Proteolytic activity of Triatoma infestans saliva associated with PAR-2 activation and vasodilation

Karla A Oliveira; Ricardo J S Torquato; Daniela C G Garcia Lustosa; Tales Ribeiro; Bruno W L Nascimento; Lilian C G de Oliveira; Maria A Juliano; Thaysa Paschoalin; Virginia S Lemos; Ricardo N Araujo; Marcos H Pereira; Aparecida S Tanaka

doi:10.1590/1678-9199-JVATITD-2020-0098

Proteolytic activity of Triatoma infestans saliva associated with PAR-2 activation and vasodilation

J Venom Anim Toxins Incl Trop Dis. 2021 Mar 8:27:e20200098. doi: 10.1590/1678-9199-JVATITD-2020-0098.

Authors

Affiliations

¹ Department of Biochemistry and Pharmacology, Federal University of Piauí, Teresina, PI, Brazil.
² Department of Biochemistry, Federal University of São Paulo (Unifesp), São Paulo, SP, Brazil.
³ Department of Pharmacology, Institute of Biomedical Sciences, Federal University of Minas Gerais (UFMG), Belo Horizonte, MG, Brazil.
⁴ Department of Parasitology, Institute of Biomedical Sciences, Federal University of Minas Gerais (UFMG), Belo Horizonte, MG, Brazil.
⁵ Department of Biophysics, National Institute of Pharmacology and Molecular Biology (INFAR), Federal University of São Paulo (Unifesp), São Paulo, SP, Brazil.
⁶ Department of Physiology and Biophysics, Institute of Biomedical Sciences, Federal University of Minas Gerais (UFMG), Belo Horizonte, MG, Brazil.
⁷ National Institute of Science and Technology in Molecular Entomology (INCT-EM), Rio de Janeiro, RJ, Brazil.

PMID: 33747067
PMCID: PMC7939238
DOI: 10.1590/1678-9199-JVATITD-2020-0098

Abstract

Background: Triatoma infestans (Hemiptera: Reduviidae) is a hematophagous insect and the main vector of Trypanosoma cruzi (Kinetoplastida: Trypanosomatidae). In the present study, the authors investigated whether a serine protease activity from the saliva of T. infestans has a role in vasomotor modulation, and in the insect-blood feeding by cleaving and activating protease-activated receptors (PARs).

Methods: T. infestans saliva was chromatographed as previously reported for purification of triapsin, a serine protease.
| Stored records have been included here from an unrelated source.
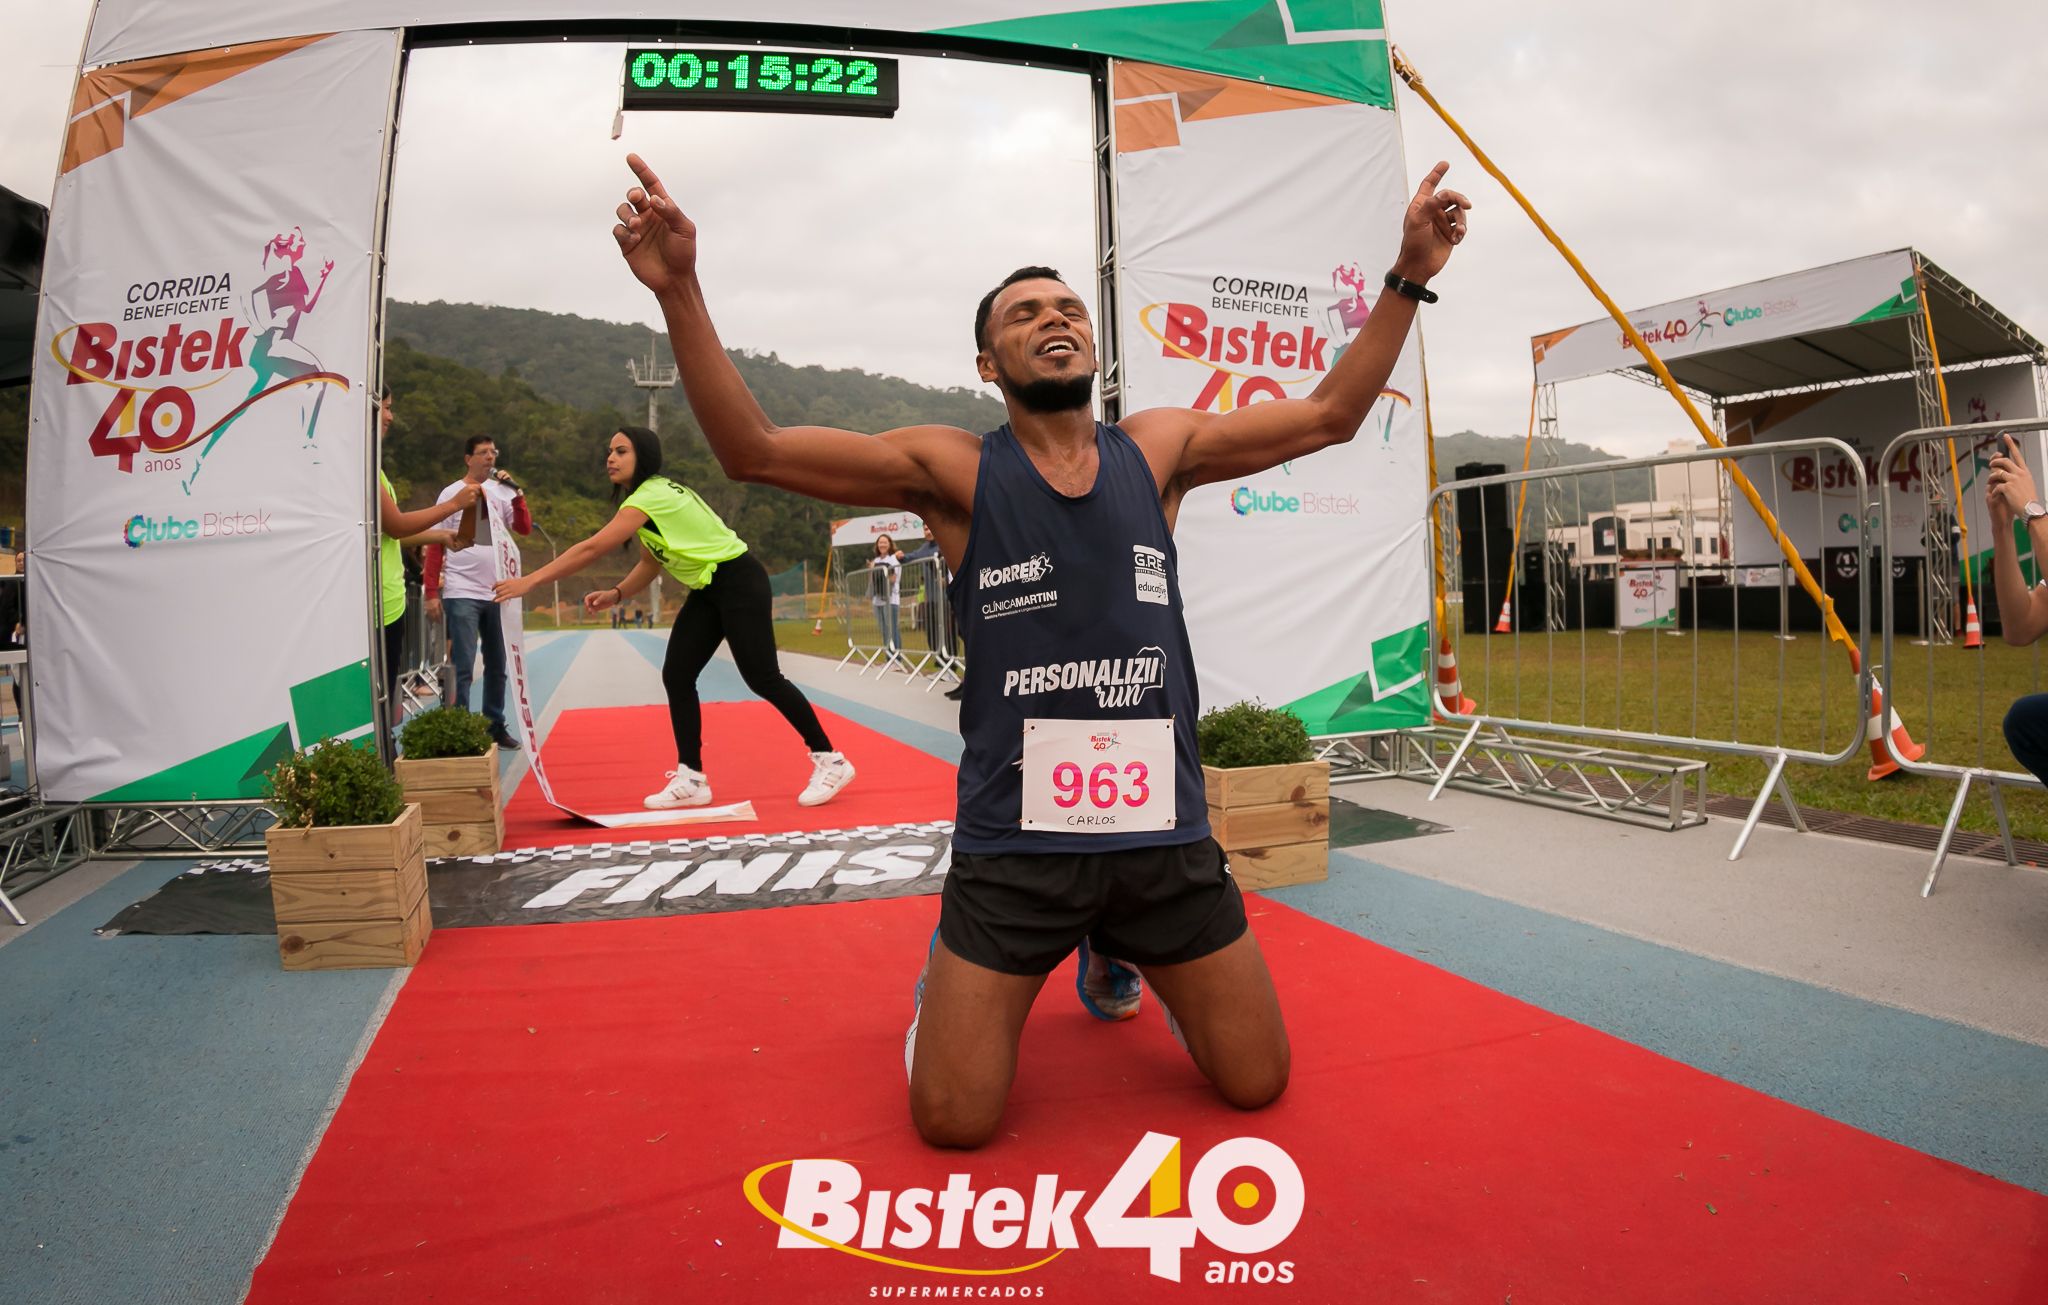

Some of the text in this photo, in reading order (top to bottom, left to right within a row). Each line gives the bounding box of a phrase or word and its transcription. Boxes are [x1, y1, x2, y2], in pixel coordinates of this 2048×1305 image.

[631, 52, 878, 95] 00:15:22
[126, 273, 231, 303] CORRIDA
[1212, 276, 1309, 303] CORRIDA
[123, 296, 229, 321] BENEFICENTE
[1212, 297, 1309, 318] BENEFICENTE
[1724, 297, 1799, 326] Clube Bistek
[1162, 303, 1328, 372] Bistek
[1663, 318, 1687, 343] 40
[66, 317, 250, 385] Bistek
[88, 386, 196, 474] 40
[144, 457, 182, 473] anos
[1232, 488, 1360, 515] Clube Bistek
[125, 509, 272, 545] Clube Bistek
[979, 560, 1041, 589] KORRER
[1094, 684, 1146, 709] run
[1090, 735, 1111, 743] Bistek
[1093, 742, 1106, 751] 40
[1052, 761, 1150, 809] 963
[1067, 815, 1116, 826] CARLOS
[521, 842, 953, 909] FINIS
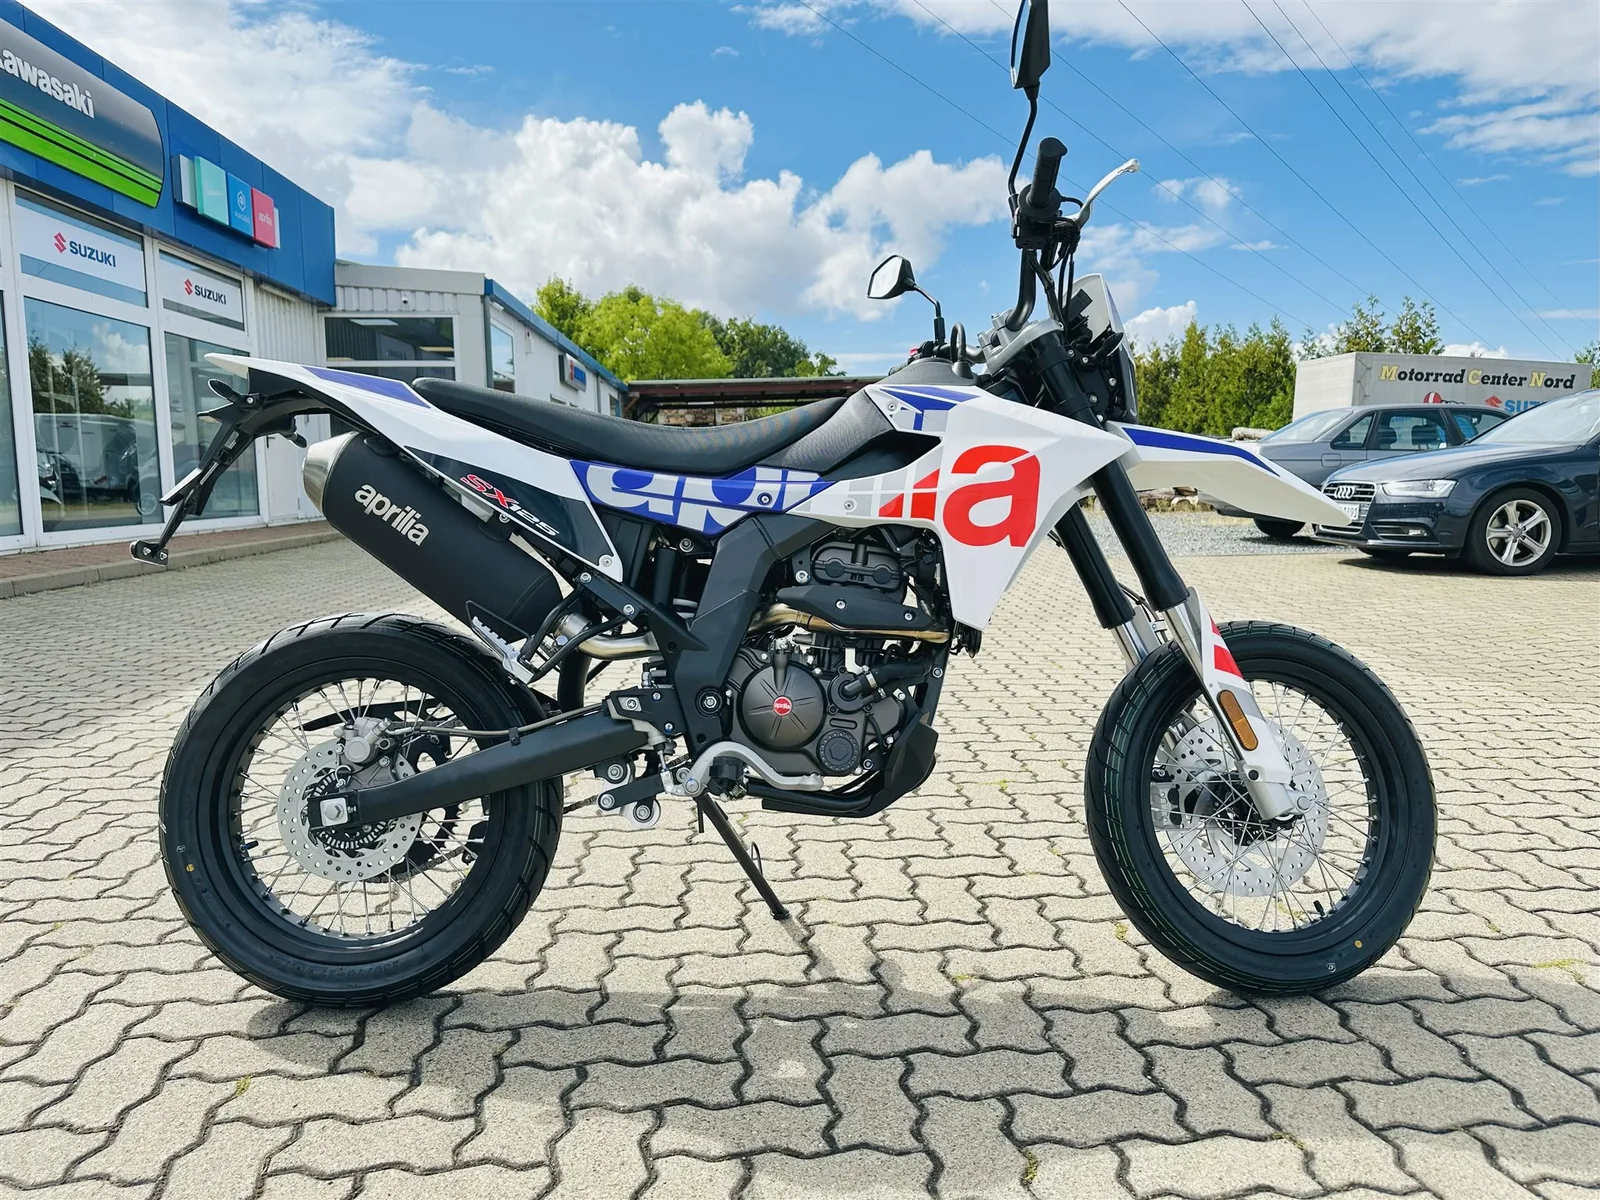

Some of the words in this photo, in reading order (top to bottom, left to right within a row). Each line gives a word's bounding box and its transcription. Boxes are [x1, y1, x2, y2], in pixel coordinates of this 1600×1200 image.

The cleavage activity of triapsin on PAR peptides was investigated based on FRET technology. Mass spectrometry was used to analyze the sites of PAR-2 peptide cleaved by triapsin. NO measurements were performed using the DAN assay (2,3-diaminonapthalene). The vasorelaxant activity of triapsin was measured in vessels with or without functional endothelium pre-contracted with phenylephrine (3 µM). Intravital microscopy was used to assess the effect of triapsin on mouse skin microcirculation.

Results: Triapsin was able to induce hydrolysis of PAR peptides and showed a higher preference for cleavage of the PAR-2 peptide. Analysis by mass spectrometry confirmed a single cleavage site, which corresponds to the activation site of the PAR-2 receptor. Triapsin induced dose-dependent NO release in cultured human umbilical vein endothelial cells (HUVECs), reaching a maximum effect at 17.58 nM. Triapsin purified by gel-filtration chromatography (10^-16 to 10^-9 M) was applied cumulatively to mouse mesenteric artery rings and showed a potent endothelium-dependent vasodilator effect (EC₃₀ = 10^-12 M). Nitric oxide seems to be partially responsible for this vasodilator effect because L-NAME (L-NG-nitroarginine methyl ester 300 µM), a nitric oxide synthetase inhibitor, did not abrogate the vasodilation activated by triapsin. Anti-PAR-2 antibody completely inhibited vasodilation observed in the presence of triapsin activity. Triapsin activity also induced an increase in the mouse ear venular diameter.

Conclusion: Data from this study suggest a plausible association between triapsin activity mediated PAR-2 activation and vasodilation caused by T. infestans saliva.

Keywords: Endothelial cells; Nitric oxide; PAR-2 receptor; Triapsin; Vasodilation.